Analysis: ART should be deferred for 4–6 weeks (approximately 5 weeks) after starting antifungal therapy in cryptococcal meningitis. This is the single most important exception to the 'start ART as soon as possible' rule. Early ART in cryptococcal meningitis (within 1–2 weeks of antifungal induction) significantly increases the risk of cryptococcal IRIS, which is associated with high mortality due to raised intracranial pressure and CNS inflammation. The antifungal induction phase must be completed and the antigen burden reduced before immune reconstitution begins. Continue Amphotericin B + flucytosine × 2 weeks → fluconazole consolidation → start ART at ~5 weeks.

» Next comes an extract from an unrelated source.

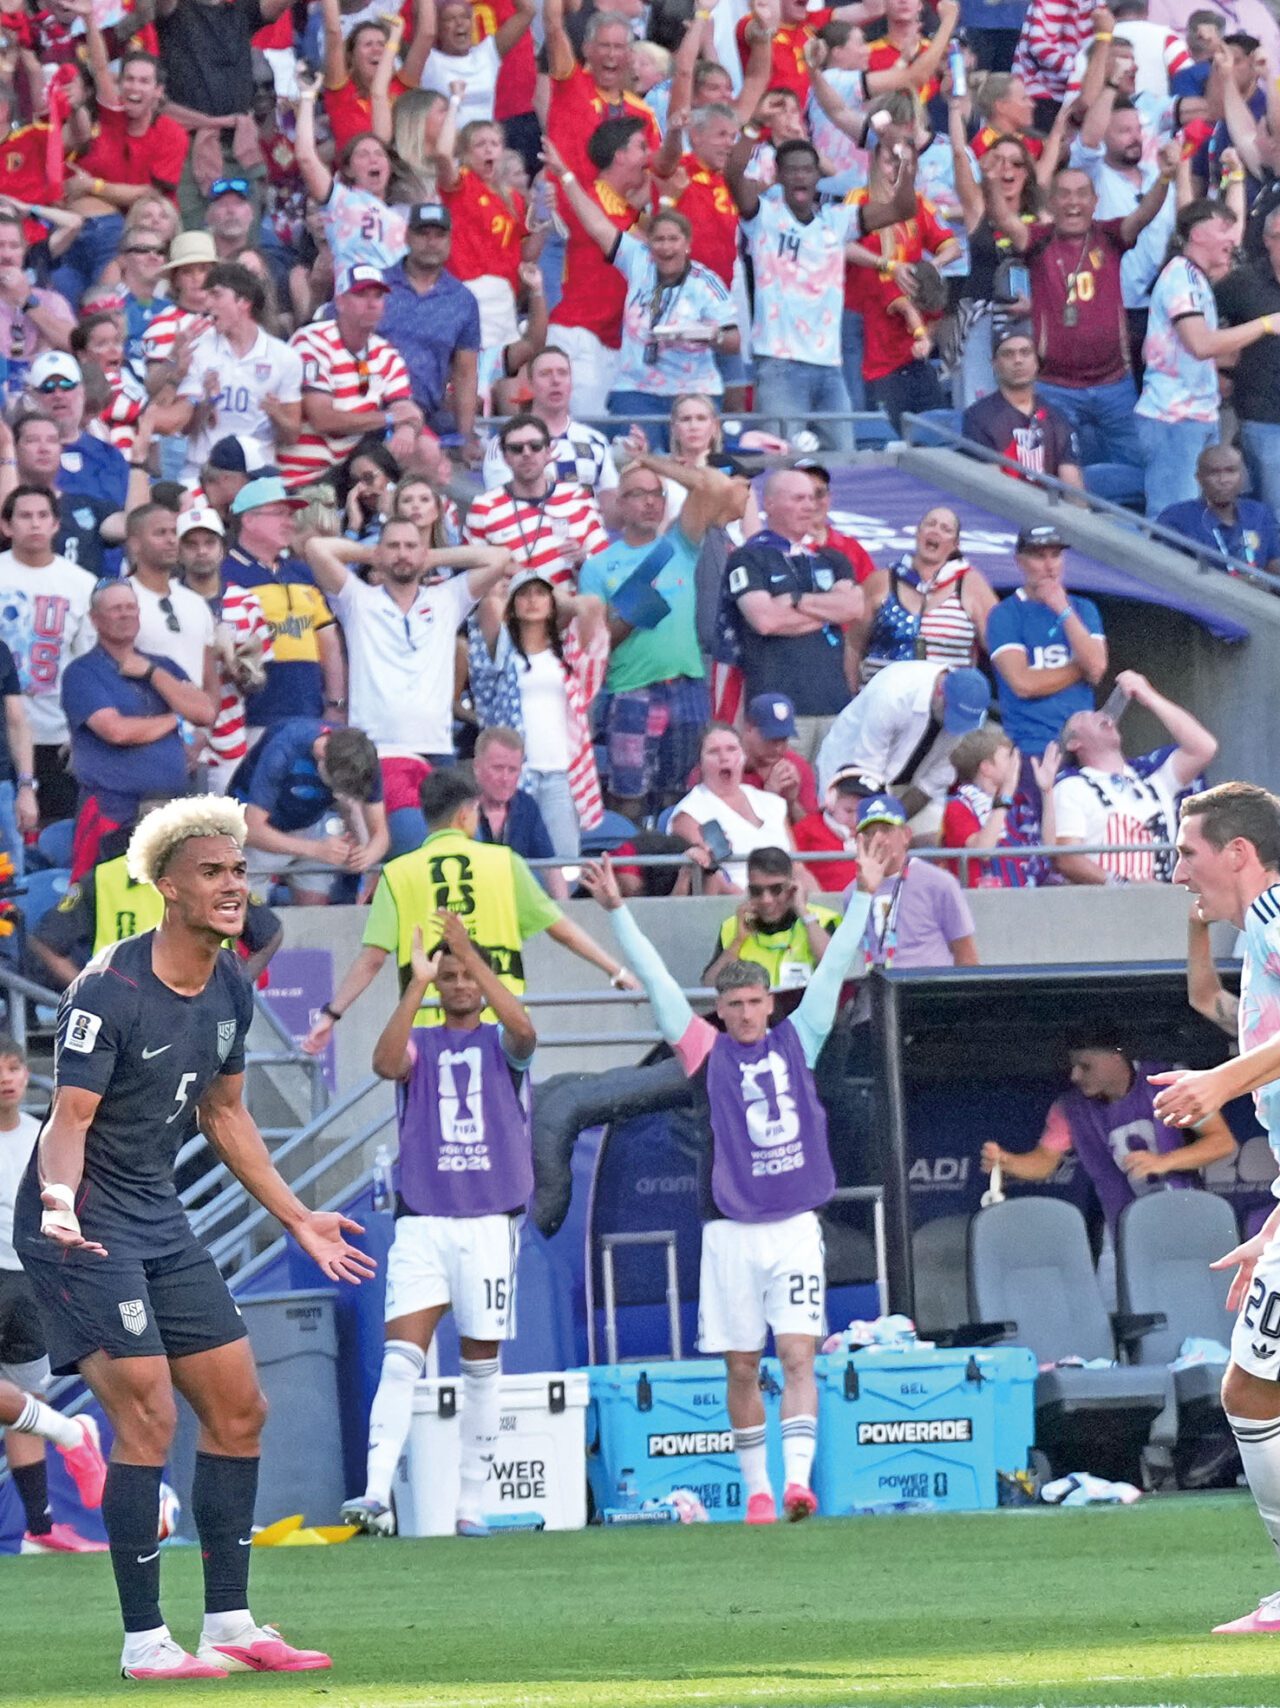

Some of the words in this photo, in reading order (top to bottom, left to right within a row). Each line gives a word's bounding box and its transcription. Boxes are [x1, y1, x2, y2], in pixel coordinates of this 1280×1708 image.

Scenario B — IRIS diagnosis: A 30-year-old woman with HIV and pulmonary TB started ART (TLD) 3 weeks ago after 4 weeks of TB treatment. Her CD4 has risen from 55 to 120 cells/µL. She now presents with high fever, worsening cough, and a new CXR showing increased bilateral infiltrates and hilar lymphadenopathy. Her sputum CBNAAT is negative for MTB. What is the diagnosis, and what is the management?

Analysis: Paradoxical TB-IRIS — clinical worsening of TB features (worsening CXR, fever, hilar lymphadenopathy) occurring 3 weeks after ART initiation, with evidence of immune reconstitution (CD4 rising, viral load suppressing), and negative sputum CBNAAT (no new drug resistance or new TB). Management: continue both ART and anti-TB therapy (never stop ART for IRIS). For moderate-to-severe IRIS (worsening CXR + systemic features): add prednisolone 1 mg/kg/day × 4 weeks then taper.

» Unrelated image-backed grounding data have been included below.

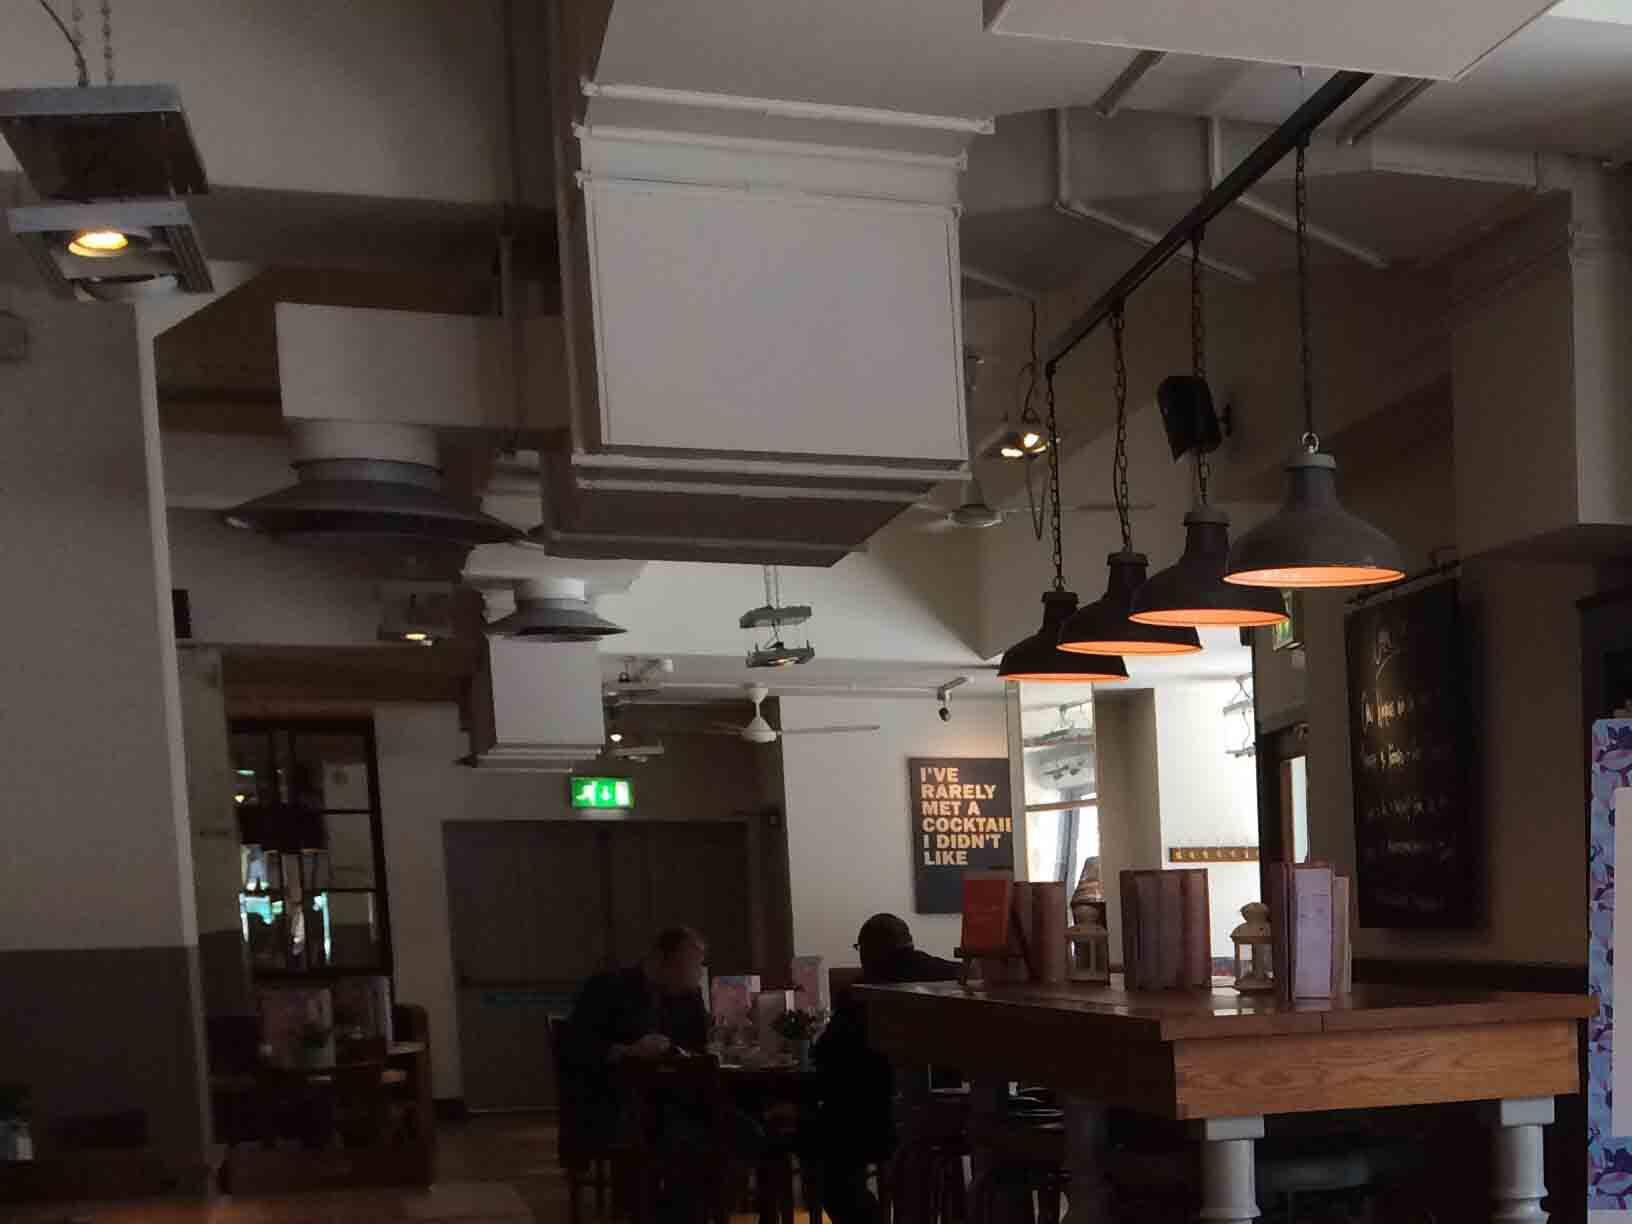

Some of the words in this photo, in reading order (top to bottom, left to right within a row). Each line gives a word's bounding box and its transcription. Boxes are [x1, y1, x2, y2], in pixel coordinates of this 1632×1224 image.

[920, 767, 960, 782] I'VE
[921, 784, 997, 799] RARELY
[921, 801, 962, 815] MET
[968, 801, 980, 815] A
[923, 834, 930, 848] I
[936, 834, 1001, 849] DIDN'T
[923, 851, 968, 865] LIKE

Scenario C — PEP: A 26-year-old nurse sustains a deep needlestick injury from an HIV-positive patient (viral load 14,000 copies/mL) at 10 pm. She comes to the casualty department 3 hours later. What is the immediate management? What is the duration of therapy, and when should she be retested for HIV?

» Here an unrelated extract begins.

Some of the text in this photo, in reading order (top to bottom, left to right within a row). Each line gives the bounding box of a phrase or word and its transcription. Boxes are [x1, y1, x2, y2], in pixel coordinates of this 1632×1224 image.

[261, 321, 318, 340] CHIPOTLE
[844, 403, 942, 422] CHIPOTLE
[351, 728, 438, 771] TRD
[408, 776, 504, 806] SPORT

Analysis: Immediately start PEP (exposure was 3 hours ago — well within 72-hour window). Wash the wound thoroughly with soap and water. Baseline HIV test (to confirm she is currently HIV-negative). Start TDF + 3TC + DTG once daily × 28 days (NACO preferred PEP regimen). Report to occupational health. Retest HIV at 6 weeks and 3 months post-exposure. During the 3-month window: use barrier contraception, avoid blood/organ donation. Counsel on adherence — incomplete PEP course significantly reduces efficacy.

CLINICAL PEARL

Three treatment pearls that are frequently tested and clinically critical. First: never stop ART for IRIS — the instinct to 'wait for the inflammation to settle' by pausing ART is wrong; ART must be continued; the inflammation is managed with NSAIDs or corticosteroids, and the immune reconstitution that causes IRIS is the goal of treatment, not a complication. Second: PEP is a 72-hour clock — every hour of delay reduces efficacy; the most common clinical error is to 'wait until morning' when a needlestick occurs at night; PEP starter packs should be available in every casualty department. Third: the NACO first-line regimen is now TLD (not TLE) — if you attribute efavirenz-related CNS side effects to the current regimen, you are working from an outdated mental model; know the composition of TLD (TDF + 3TC + DTG) and its key safety considerations (TDF renal monitoring, DTG caution in first trimester).